Mr. Armstrong was appointed our Senior Vice President, General Counsel and Corporate Secretary in October 2012.  Previously, he served as our Vice President, General Counsel and Corporate Secretary from October 2008 until October 2012.  From 2006 to 2008, he was a legal consultant based in New York, New York performing services for Thomson Reuters and NBC Universal.  Mr. Armstrong was the Executive Vice President and General Counsel of the Home Shopping Network in Tampa, Florida from 2002 to 2006.  From 2000 to 2002, he was the Senior Vice President and General Counsel of Agilera, Inc., a technology company in Denver, Colorado.  Prior to 2000, Mr. Armstrong was the Vice President, General Counsel & Secretary of Samsonite Corporation and a partner in the law firms Paul Hastings, and Baker and Hostetler.



Steven Baruch



Mr. Baruch was appointed our Executive Vice President and Chief Strategy & Marketing Officer in August 2017.  Previously, he served as our Senior Vice President, Strategy and Marketing, a position he held from July 2015 until August 2017.  Prior to that, he served as our Vice President of Digital & Strategy, a position he held from 2014 until July 2015, and as our Vice President of eCommerce from November 2010 until May 2014.  Mr.
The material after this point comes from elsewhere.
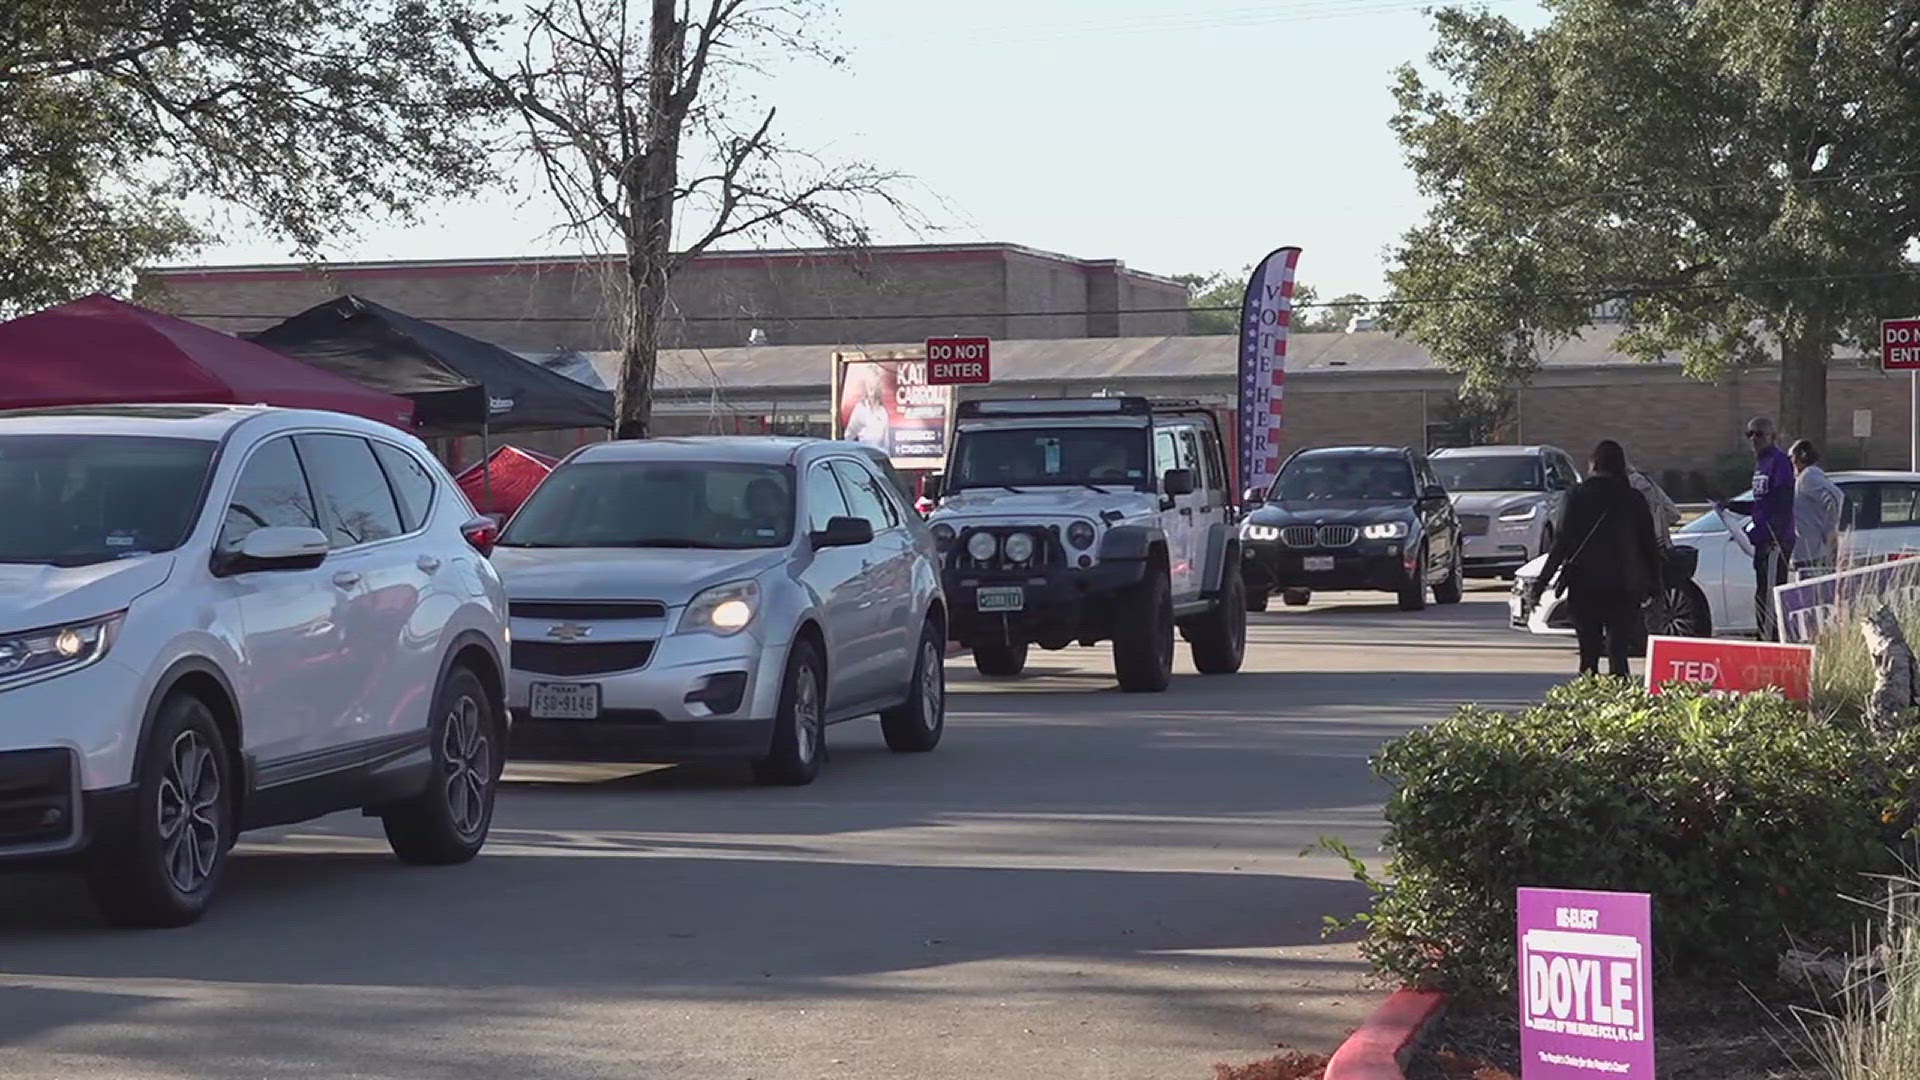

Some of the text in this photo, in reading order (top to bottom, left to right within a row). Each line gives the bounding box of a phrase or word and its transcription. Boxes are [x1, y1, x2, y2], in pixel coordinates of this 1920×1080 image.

Baruch began his career with our company in May 2008.  Prior to joining our company, Mr. Baruch served as Senior Vice President of Sales and Managed Services for Adecco where he was responsible for leading B2B sales and marketing with focus on digital, web and eCommerce strategy and execution.  Previously, he held various executive positions at global electronics distributor Arrow Electronics, including Director of Sales, Marketing, and Public Relations for arrow.com.



Charles Bonomo



Mr. Bonomo was appointed our Senior Vice President and Chief Information Officer in August 2011.  Previously, he served as our Vice President and Chief Information Officer from July 2007 through August 2011.  From 1999 through 2007 he served as Vice President at Arrow Electronics, Inc., including in the position of Vice President of Infrastructure and Operations from January 2006 to July 2007, and as Vice President and Chief Architect from July 2003 through January 2006.  Previously, he was the Director of Clinical Technology at Mount Sinai Medical Center from 1996 to 1998, rising to Vice President and Chief Information Officer of NYU Health System in 1998.  Prior to 1996, he held various positions of increasing responsibility at J.P. Morgan in the United States and Europe and at Grumman Aerospace Corp., where he designed and tested software for the F14 Tomcat aircraft.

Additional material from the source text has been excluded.